- **Assigned task**
Look for "this 973×973 image." in the listing below, then copy exactly the line it appears in and all lines after it to the end, and nothing more.

- **Records shown**
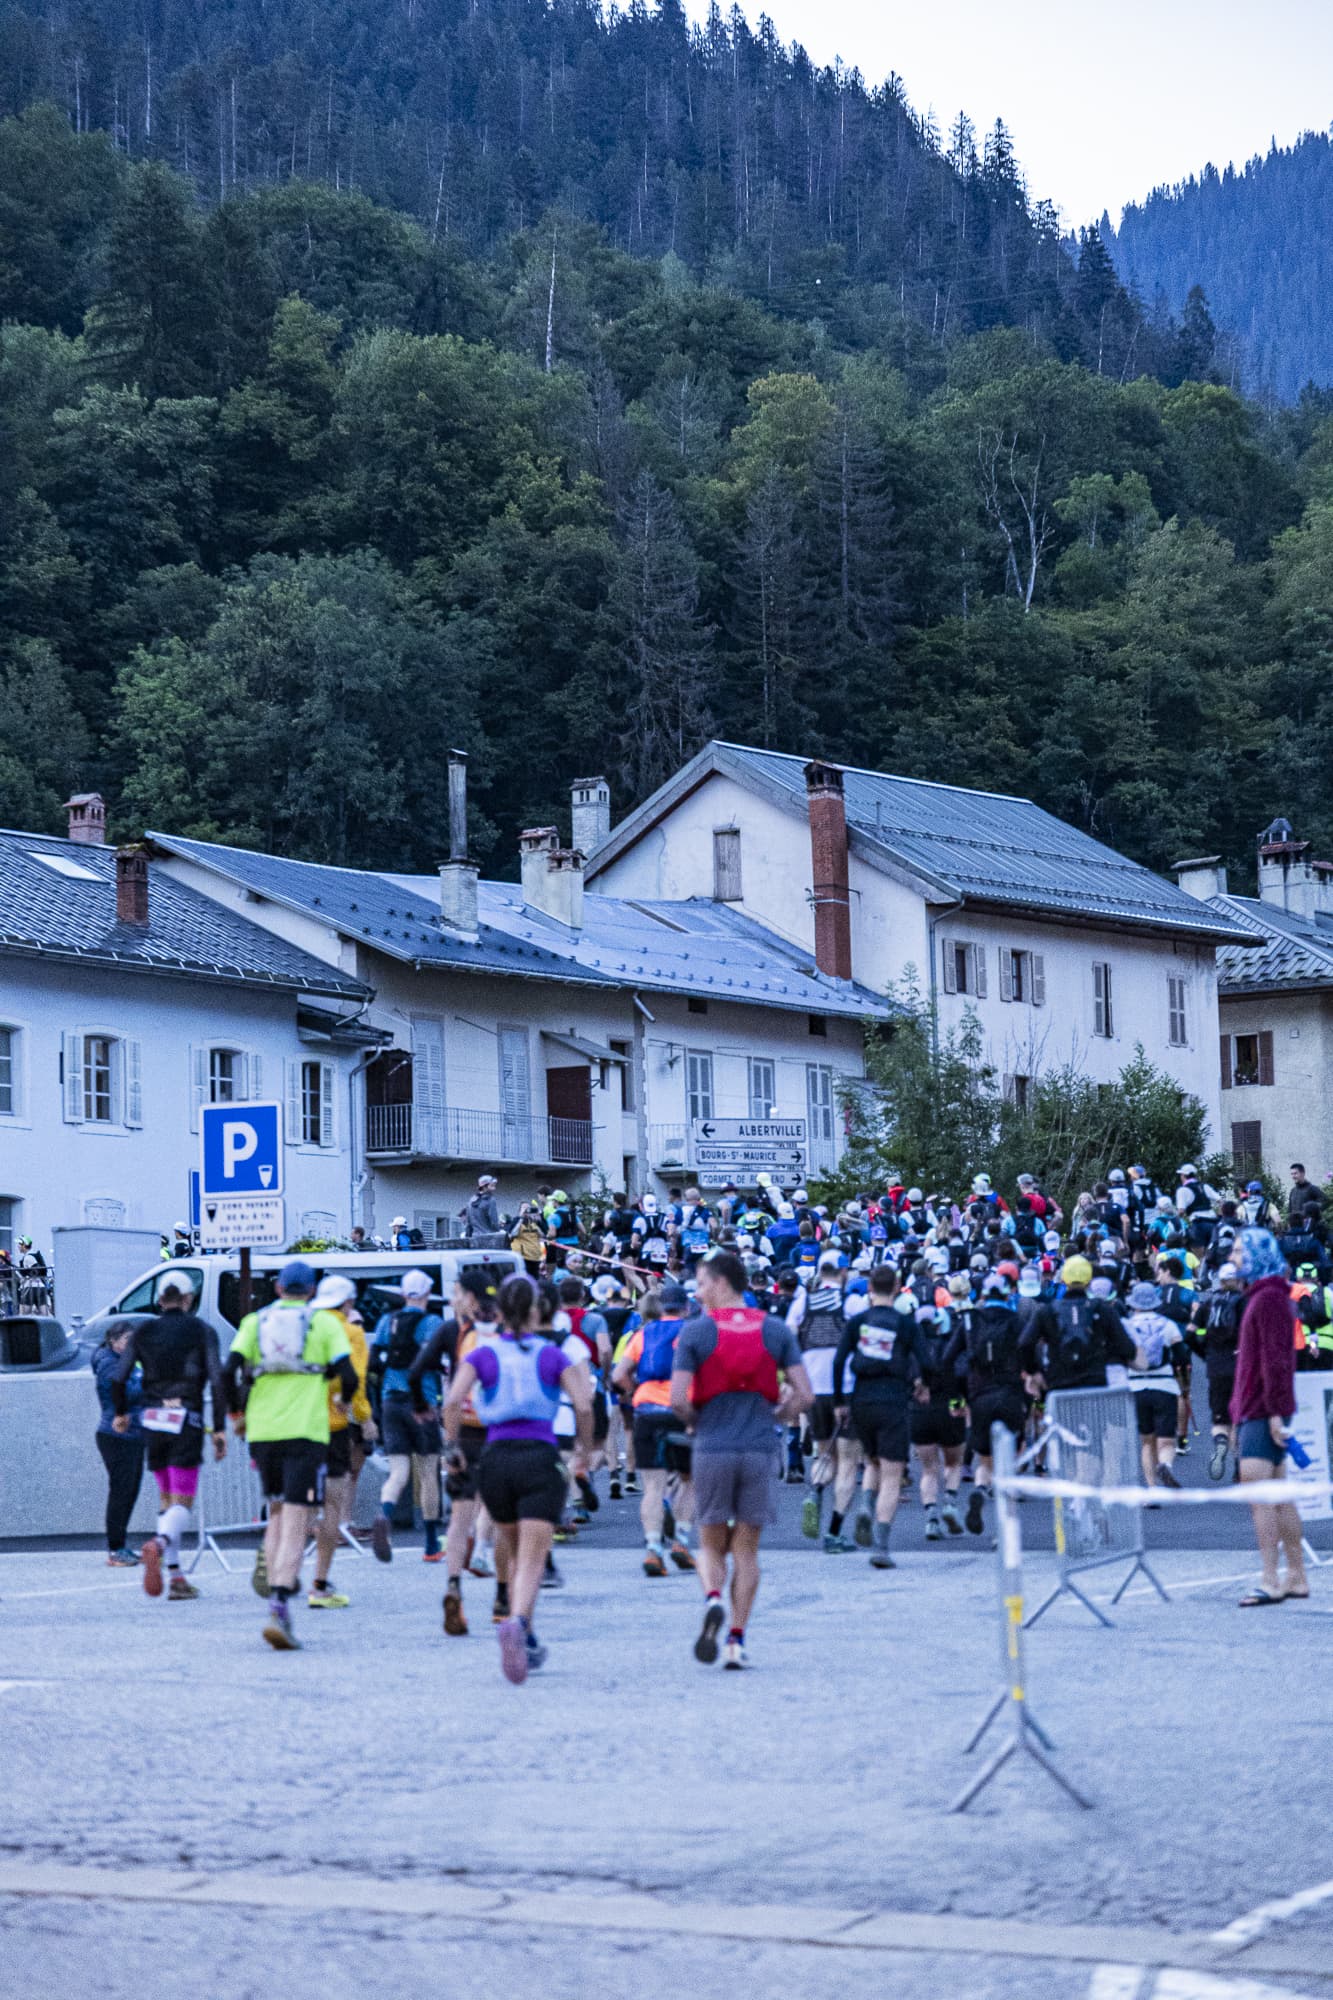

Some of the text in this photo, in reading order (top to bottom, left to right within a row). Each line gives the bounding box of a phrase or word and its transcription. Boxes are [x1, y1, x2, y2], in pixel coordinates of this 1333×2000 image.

[739, 1125, 802, 1137] ALBERTVILLE
[223, 1121, 259, 1179] P
[737, 1174, 745, 1184] DE
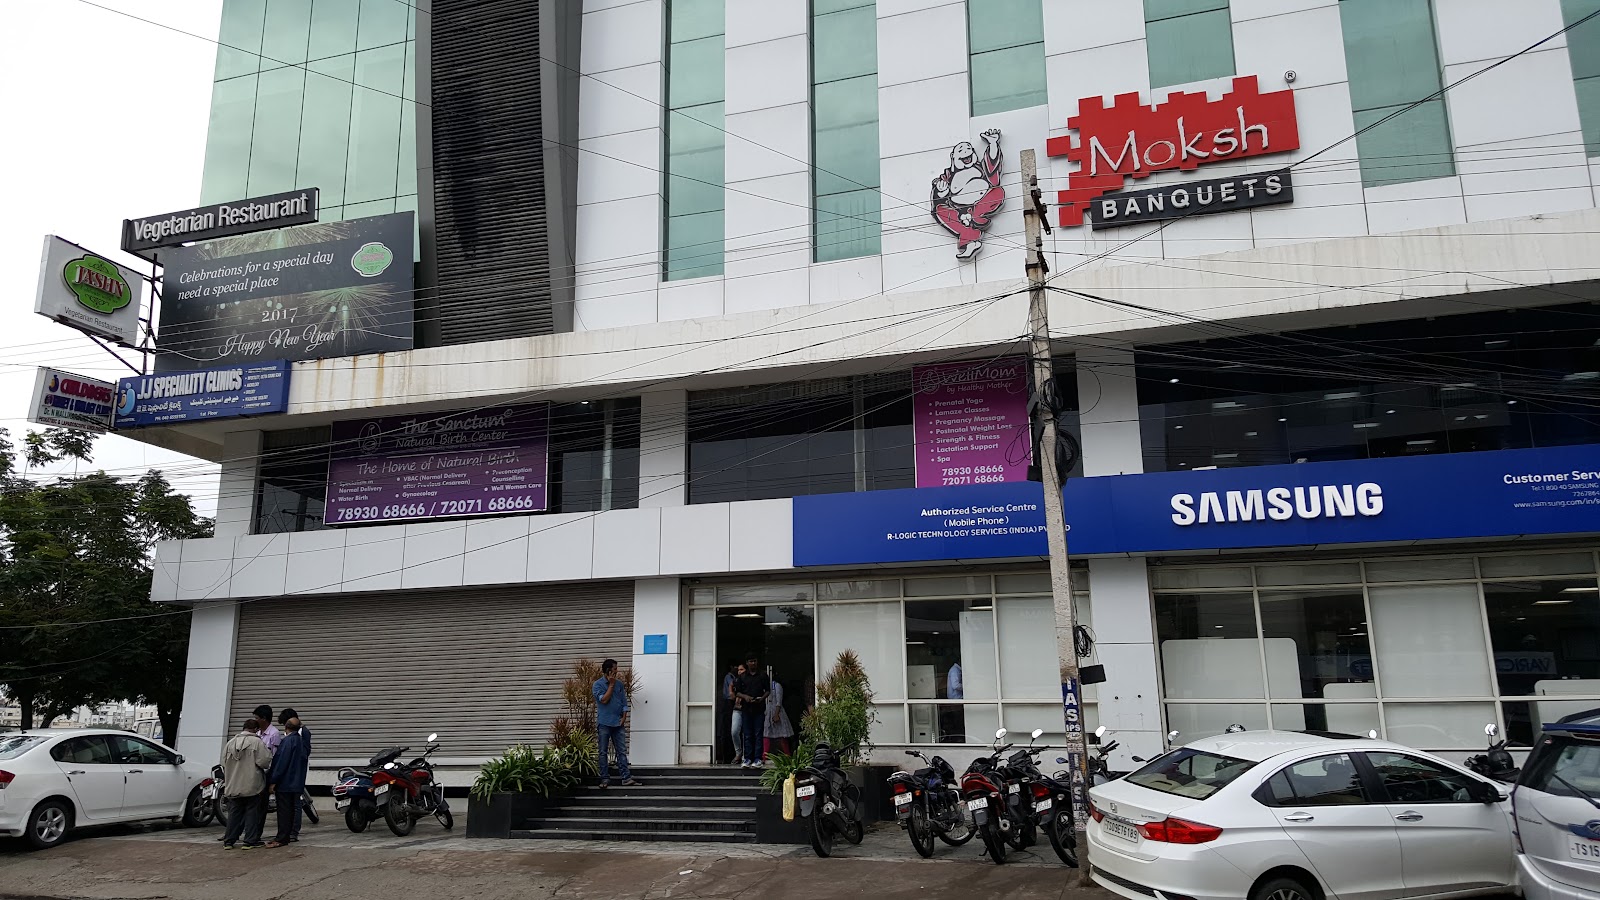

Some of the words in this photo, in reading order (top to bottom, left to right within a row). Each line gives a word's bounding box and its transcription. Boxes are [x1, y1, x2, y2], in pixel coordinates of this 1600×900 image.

[1088, 105, 1269, 176] Moksh
[1101, 174, 1283, 219] BANQUETS
[133, 211, 215, 243] Vegetarian
[218, 192, 309, 227] Restaurant
[180, 265, 243, 284] Celebrations
[243, 263, 261, 281] for
[263, 261, 270, 271] a
[272, 252, 309, 273] special
[312, 251, 334, 268] day
[72, 264, 126, 298] JASHN
[178, 286, 201, 300] need
[203, 287, 210, 296] a
[212, 279, 249, 298] special
[249, 276, 279, 293] place
[64, 306, 94, 322] Vegetarian
[94, 317, 123, 334] Restaurant
[261, 307, 298, 324] 2017
[218, 334, 266, 356] Happy
[268, 328, 300, 347] New
[302, 324, 337, 353] Year
[153, 372, 206, 399] SPECIALITY
[206, 368, 244, 392] CLINICS
[957, 383, 984, 393] Healthy
[986, 381, 1013, 389] Mother
[935, 399, 964, 407] Prenatal
[964, 406, 990, 414] Classes
[401, 418, 429, 434] The
[435, 415, 505, 433] Sanctum
[935, 417, 972, 426] Pregnancy
[973, 414, 1005, 423] Massage
[935, 426, 968, 435] Postnatal
[970, 424, 996, 432] Weight
[395, 433, 436, 448] Natural
[440, 432, 467, 444] Birth
[471, 430, 508, 442] Center
[936, 436, 966, 445] Strength
[970, 443, 999, 451] Support
[357, 462, 378, 475] The
[382, 461, 416, 473] Home
[421, 456, 434, 470] of
[437, 453, 484, 469] Natural
[419, 473, 443, 481] (Normal
[444, 472, 467, 480] Delivery
[492, 467, 532, 476] Preconception
[942, 467, 971, 477] 78930
[973, 465, 1004, 474] 68666
[442, 479, 471, 487] Cesarean)
[491, 475, 525, 483] Counselling
[942, 476, 971, 486] 72071
[974, 474, 1005, 484] 68666
[1503, 473, 1569, 485] Customer
[360, 485, 382, 493] Delivery
[402, 490, 438, 498] Gynaecology
[337, 505, 379, 521] 78930
[382, 502, 426, 518] 68666
[429, 501, 437, 516] /
[440, 498, 482, 514] 72071
[488, 495, 533, 511] 68666
[920, 506, 970, 517] Authorized
[971, 505, 1005, 514] Service
[1006, 503, 1037, 512] Centre
[1170, 482, 1384, 526] SAMSUNG
[887, 532, 917, 540] R-LOGIC
[917, 529, 969, 539] TECHNOLOGY
[970, 527, 1008, 537] SERVICES
[1009, 525, 1038, 534] (INDIA)
[1066, 724, 1081, 732] IPS
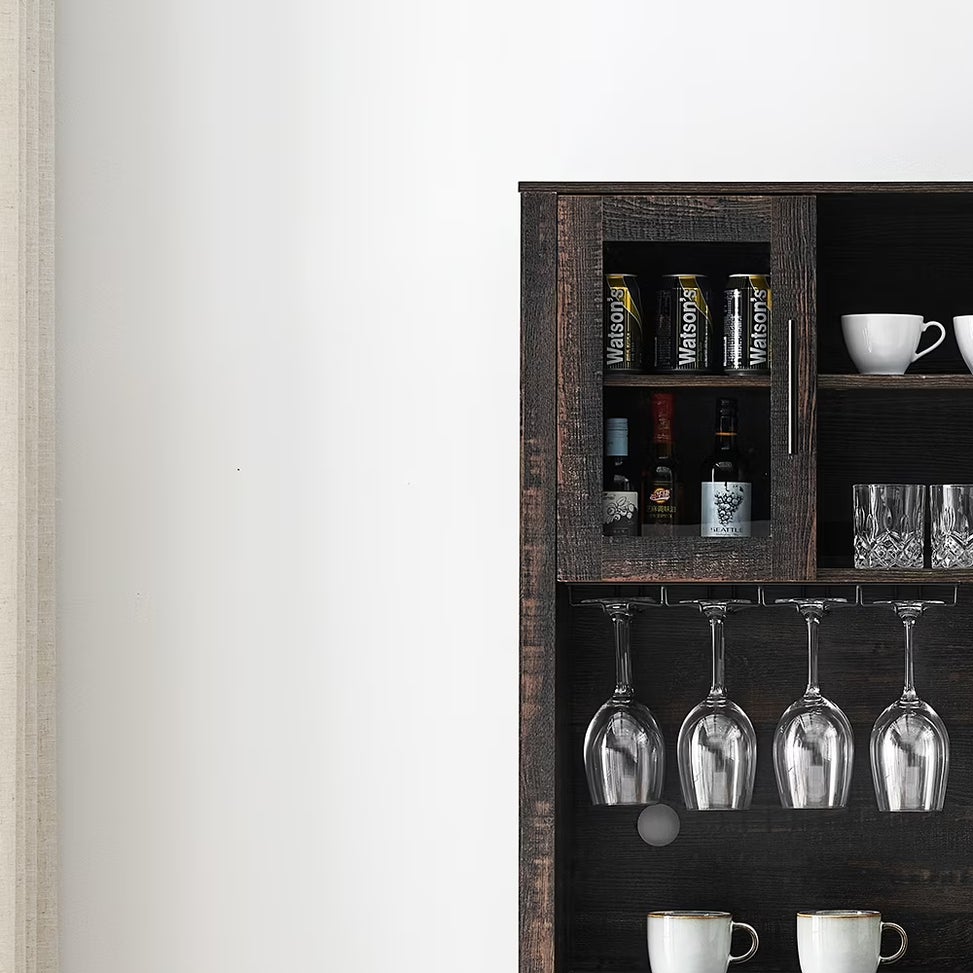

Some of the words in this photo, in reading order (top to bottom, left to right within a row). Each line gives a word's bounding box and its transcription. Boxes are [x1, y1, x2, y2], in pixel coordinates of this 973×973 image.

[606, 288, 624, 365] Watson's
[678, 288, 697, 366] Watson's
[749, 289, 767, 366] Watson's

- **Response to the exercise**
Some of the words in this photo, in reading order (top to bottom, left to right within a row). Each line gives a word's bounding box and its transcription. Boxes are [x1, y1, x2, y2], in pixel coordinates of this 973×973 image.

[606, 288, 624, 365] Watson's
[678, 288, 697, 366] Watson's
[749, 289, 767, 366] Watson's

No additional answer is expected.